- [The task] Leaving out every picture, output the records below exactly as they are.

(Saved entries)
# # # # #
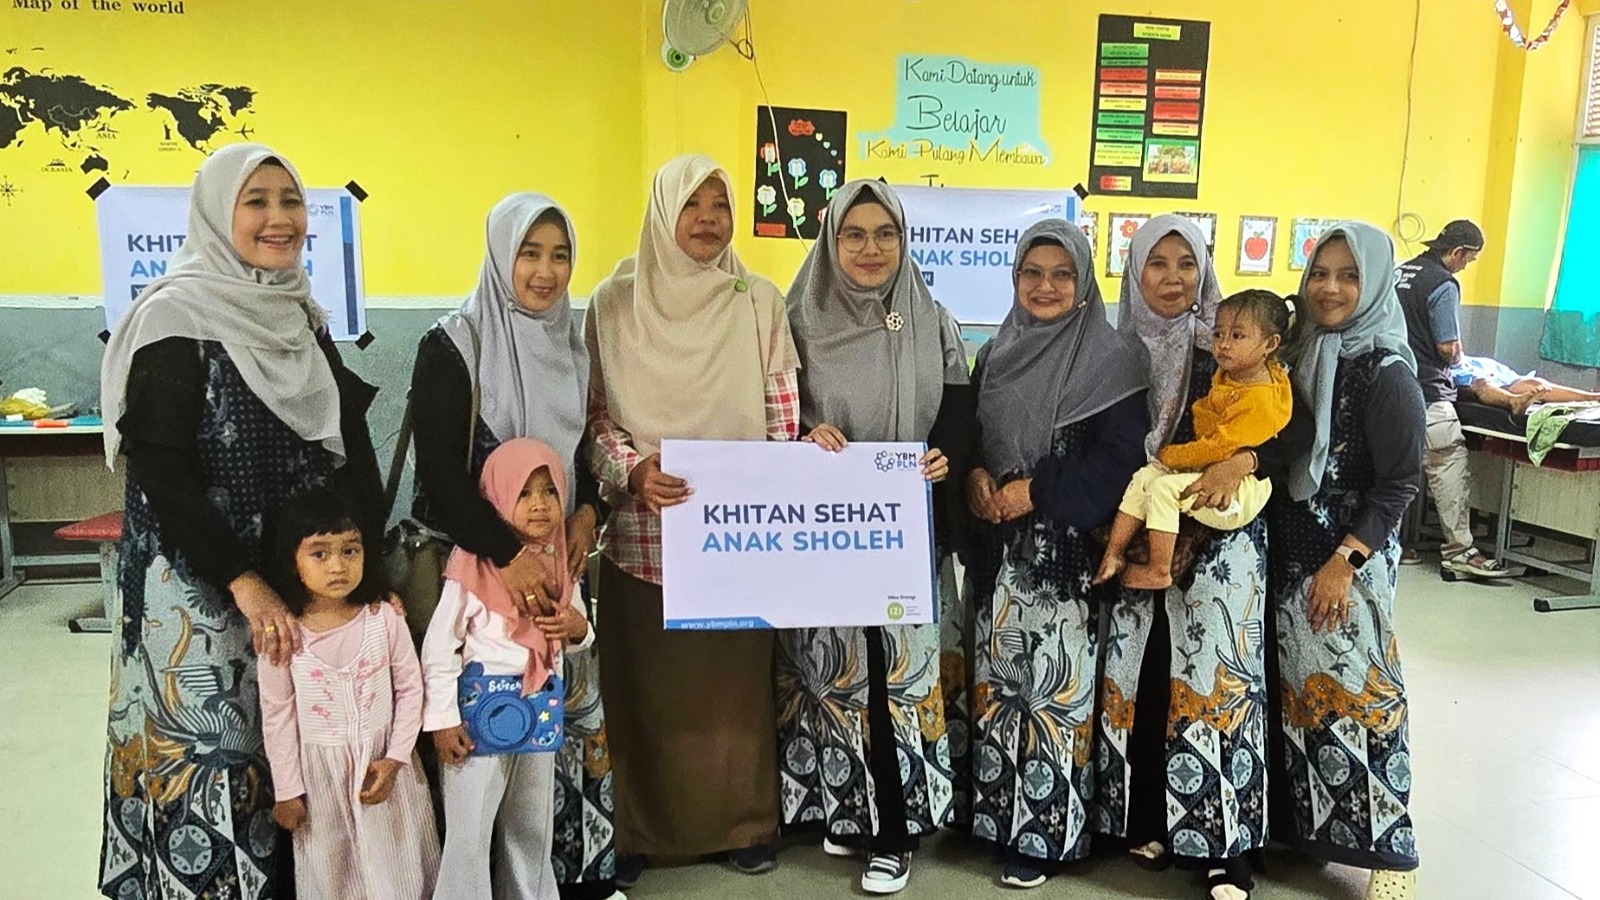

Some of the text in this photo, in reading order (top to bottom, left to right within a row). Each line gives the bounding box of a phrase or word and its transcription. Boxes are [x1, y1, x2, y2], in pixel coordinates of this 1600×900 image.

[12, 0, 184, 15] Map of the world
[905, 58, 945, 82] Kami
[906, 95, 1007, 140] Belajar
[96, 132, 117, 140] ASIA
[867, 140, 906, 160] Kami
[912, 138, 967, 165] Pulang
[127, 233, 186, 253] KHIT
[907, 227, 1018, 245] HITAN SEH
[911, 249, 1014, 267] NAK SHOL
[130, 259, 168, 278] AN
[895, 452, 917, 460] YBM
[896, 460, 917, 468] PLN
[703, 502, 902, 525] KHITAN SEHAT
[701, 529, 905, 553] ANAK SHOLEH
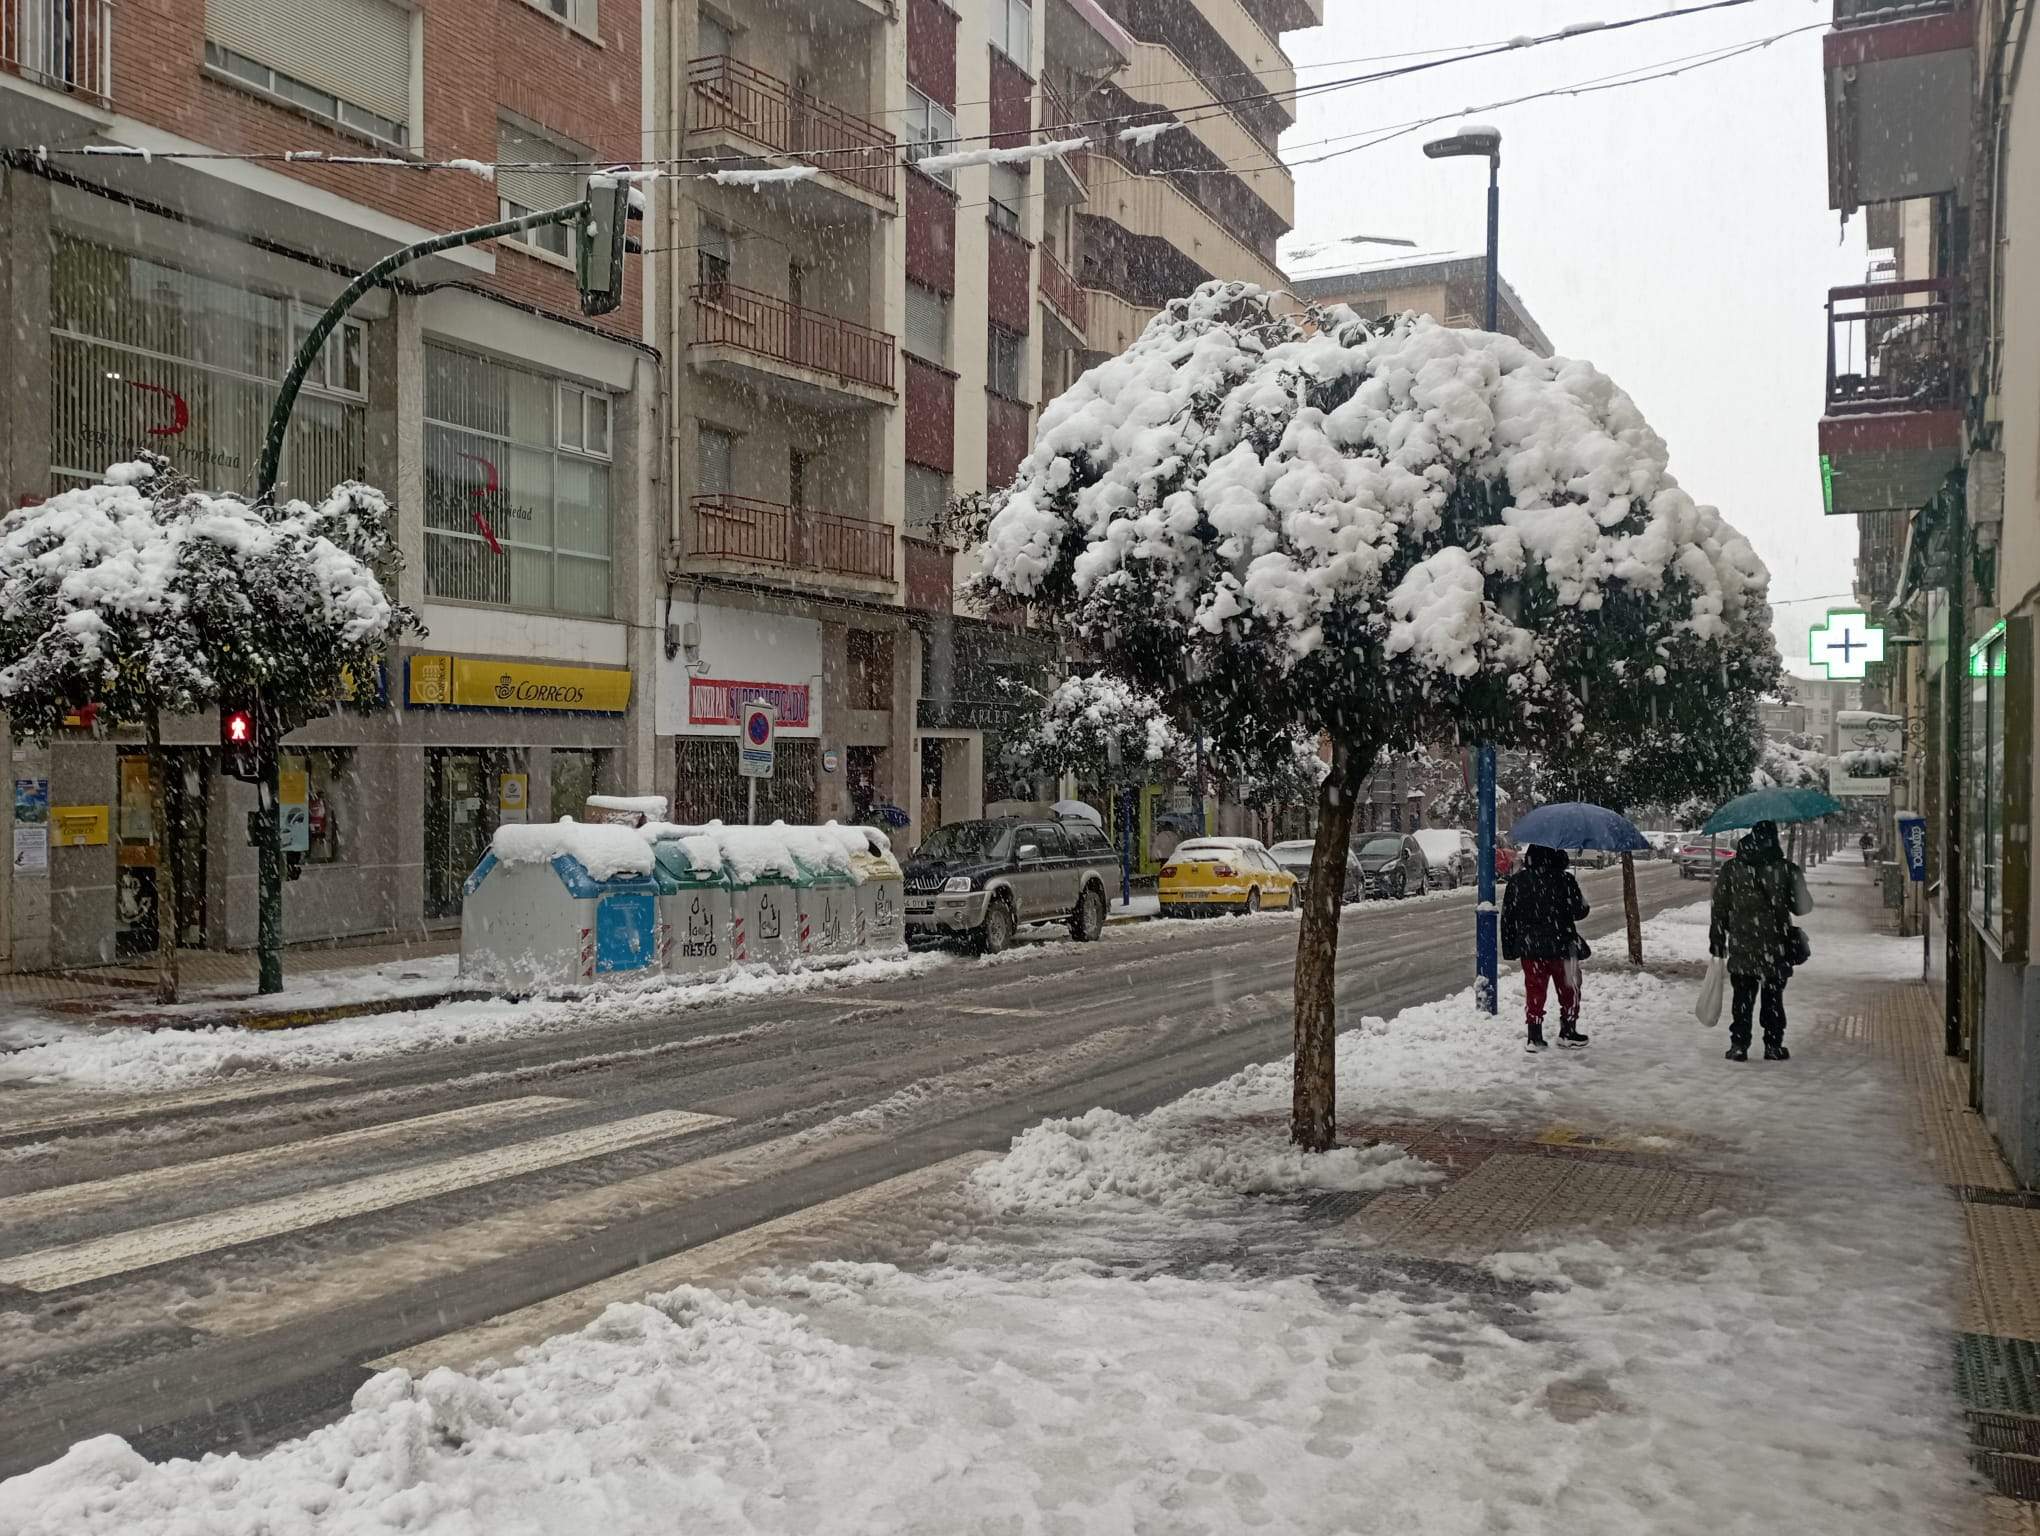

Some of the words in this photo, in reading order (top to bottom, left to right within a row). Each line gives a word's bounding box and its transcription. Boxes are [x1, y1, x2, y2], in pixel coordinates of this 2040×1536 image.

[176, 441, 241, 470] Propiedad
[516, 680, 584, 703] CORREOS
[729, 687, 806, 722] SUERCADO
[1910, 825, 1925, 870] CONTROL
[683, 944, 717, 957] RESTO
# # # # #
- [Your solution]
Some of the text in this photo, in reading order (top to bottom, left to right within a row). Each line gives the bounding box of a phrase or word and its transcription. Boxes are [x1, y1, x2, y2], in pixel coordinates of this 1600×900 image.

[12, 0, 184, 15] Map of the world
[905, 58, 945, 82] Kami
[906, 95, 1007, 140] Belajar
[96, 132, 117, 140] ASIA
[867, 140, 906, 160] Kami
[912, 138, 967, 165] Pulang
[127, 233, 186, 253] KHIT
[907, 227, 1018, 245] HITAN SEH
[911, 249, 1014, 267] NAK SHOL
[130, 259, 168, 278] AN
[895, 452, 917, 460] YBM
[896, 460, 917, 468] PLN
[703, 502, 902, 525] KHITAN SEHAT
[701, 529, 905, 553] ANAK SHOLEH

Some of the words in this photo, in reading order (top to bottom, left to right within a row). Each line gives a word's bounding box and its transcription. Boxes are [x1, y1, x2, y2], in pixel coordinates of this 2040×1536 image.

[176, 441, 241, 470] Propiedad
[516, 680, 584, 703] CORREOS
[729, 687, 806, 722] SUERCADO
[1910, 825, 1925, 870] CONTROL
[683, 944, 717, 957] RESTO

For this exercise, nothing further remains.